Our dad’s name was Edgar (Ted) Amos Goodwin and our mum was Rosina. Our dad was born in 1910 and worked for AEI at Northfleet for 25 years before taking the job of Wet Miller, in the wash plant at the clay works in Shorne Woods and worked there until its closure in 1964. (The wet miller would have been responsible for keeping the wash plant running).  He transferred to Swanscombe chalk pit and worked as a pump attendant and completed his 20 years-service with APCM, for which he was awarded an Eterna Matic 1000 wrist watch.

He continued to work there, until he retired in 1975, when he was presented with an Ingersoll stainless steel pocket watch.

The 20 years-service wrist watch was selected from a Blue Circle Group (a group within the APCM group) catalogue that also included a pocket watch, ladies watch, two gold bracelets, two lever clocks, silver plate tea set, cutlery set, teas made and binoculars.

The catalogue page showing the watch that Edgar Amos chose after 20 years of service

Eventually, due to length of service at Shorne, he was made up to foreman. This didn’t sit easily with him as he found it difficult to give orders but it was made easier as he treated the men well, which they appreciated and helped him when needed.

Raw clay and water were fed into the wash plant and turned into slurry by mixing them together using giant rotating blades. The slurry was then pumped to Bevans cement works at Northfleet, some six miles away, via a pipe line that ran underground alongside the A2.

Our dad sometimes took us to his workplace and we would have wait to be picked up by truck, at the General Gordon (a public house that stood in Cedar Avenue until it was destroyed by fire in 1992). We would be in the back of the truck, that had a canvas roof, together with some of the men being taken to work. Dad didn’t always go to work in the truck as on occasions he cycled.

The bus route from Kings Farm Estate to Shorne would not have been very frequent, which is probably why APCM provided the truck.

We entered the clay works site from the entrance on the A2 into what, to us children, looked like a forest. Our father used to say ‘be careful of the lions and tigers’, needless to say, we never saw any.

When we were on site we had to stay with our dad so consequently never really went very far away from the main area.
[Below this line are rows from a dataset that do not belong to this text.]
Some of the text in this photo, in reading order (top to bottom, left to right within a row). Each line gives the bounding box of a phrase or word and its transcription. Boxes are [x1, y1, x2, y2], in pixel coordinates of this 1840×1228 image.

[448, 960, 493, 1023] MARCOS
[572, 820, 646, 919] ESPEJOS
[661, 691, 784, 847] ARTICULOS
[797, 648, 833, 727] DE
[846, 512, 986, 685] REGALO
Not always but mainly, we went at weekends when it was quieter, no bosses around!

Whenever we went on site, we went into the canteen building and there always seemed to be a roaring coke fire in the combustion stove. We used to have a cup of tea whilst sitting on one of the benches but don’t remember there being any other furniture in the room.

On one occasion the men cooked breakfast (now called a traditional English breakfast) on an upturned electric bar fire, whether this was a regular practice we don’t know but suspect that it was!
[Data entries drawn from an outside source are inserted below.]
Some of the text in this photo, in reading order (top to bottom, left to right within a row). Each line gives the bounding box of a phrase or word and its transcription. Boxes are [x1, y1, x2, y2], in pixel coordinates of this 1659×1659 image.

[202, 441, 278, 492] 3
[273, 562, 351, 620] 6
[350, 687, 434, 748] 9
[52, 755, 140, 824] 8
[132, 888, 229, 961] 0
There were always cats around that were kept to keep the rat population down.

On one of our visits we watched as he put on waders to go into the slurry tank to clear a blockage, with shouts of ‘be careful’ following him in.
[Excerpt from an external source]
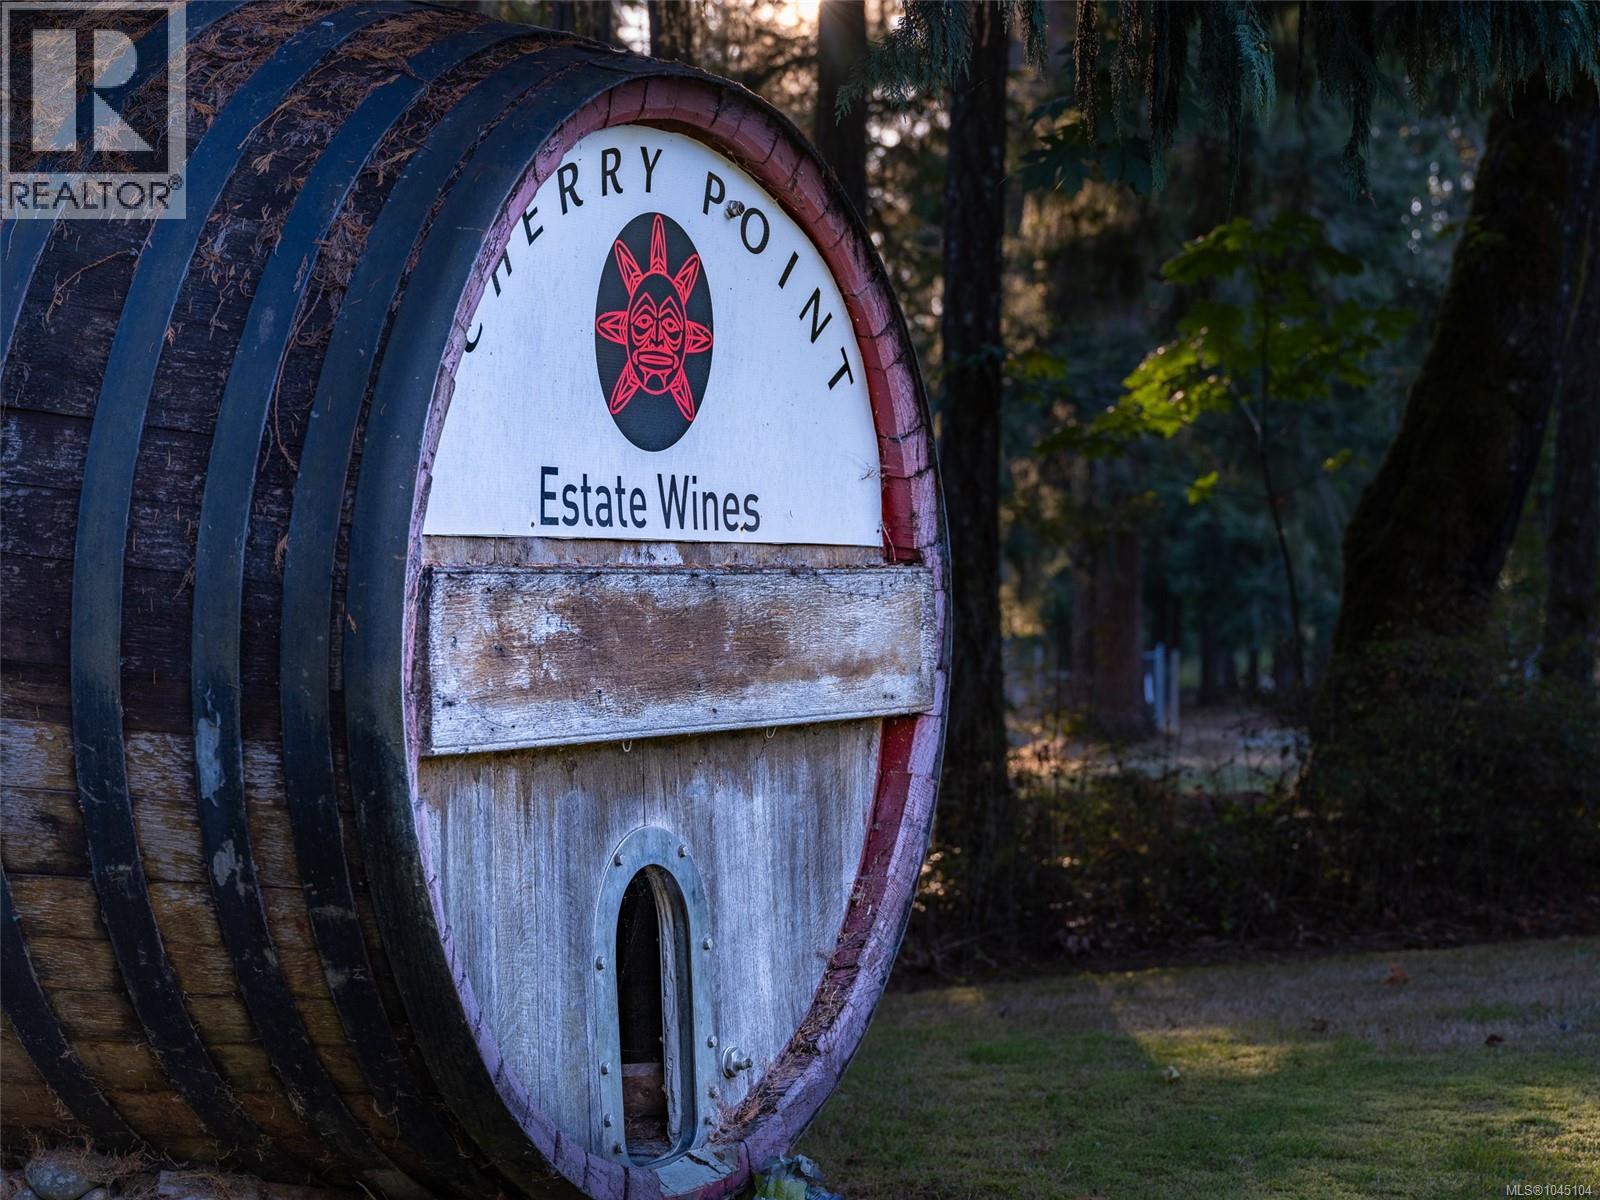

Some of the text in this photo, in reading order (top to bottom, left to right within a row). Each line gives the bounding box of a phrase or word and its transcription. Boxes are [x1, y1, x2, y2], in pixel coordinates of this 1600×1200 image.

[703, 171, 854, 390] POINT
[540, 466, 760, 531] Estate Wines
It was a 24 hour a day operation so the men had to do shiftwork to cover this, these were 6 to 2, 2 to 10 and 10 to 6 shifts. Sometimes it was needed that shifts would be 12 hours long to cover staff shortages.

The only names of people who worked there that we can remember are Bill Young, Spud Taylor and his brother Reg.

It was a really cold, bleak place in winter, dad suffered with rheumatism in his shoulder and would often need help taking his coat off when he came home. All the men wrapped their feet in strips of cloth, that were always referred to as toe rags, before putting on their ‘wellies’, to try and stop their feet from freezing. Dad always used Sloan’s liniment for his rheumatism which ‘stank to high heaven’! Mum told us the story of a special evening for them that she had planned, putting on her best clothes and perfume but dad came home smothered in Sloan’s so the evening didn’t turn out as she had hoped!

Rosina and Edgar on the beach in the 1960s

When we were on site, we played with homemade bows and arrows and in the autumn collected chestnuts, that we roasted in front of the fire at home.

The only accident that we know dad had was when he stood on a rusty nail and had to go to hospital for a tetanus injection.

Old railway sleepers were cut up and brought home to be burnt on our fire.

The Christmas party at the APCM club house in Northfleet High Street was always something to look forward to.

From Ted :

I had rides on both the train and the conveyor belt, sitting in a tipper truck on the train and the rubber belt of the conveyor, quite exciting for a young boy. The trucks were about 6’ long and 3’ wide and the conveyor belt about 2’ 6” wide.

The train engines were diesel and had to be started with a hand crank, two men had to turn it and when it was going fast enough one had to let go and pull on the three compression knobs for the engine to start.

I still have two, line posts on my garden that were brought home from the site.

As told to Trevor Bent and Don Blackburn, November 2021. Ted & Pat have agreed that all or part of this may be used in any future publication.

Note from Trevor: during recent SWAG excavations at the clay pits we found a crank handle with a square hole, that would have been used to start the train engine.

Crank handle excavated at Shorne clay pits

A crank with a solid square end, similar to that pictured below, would have been used to start the train engine.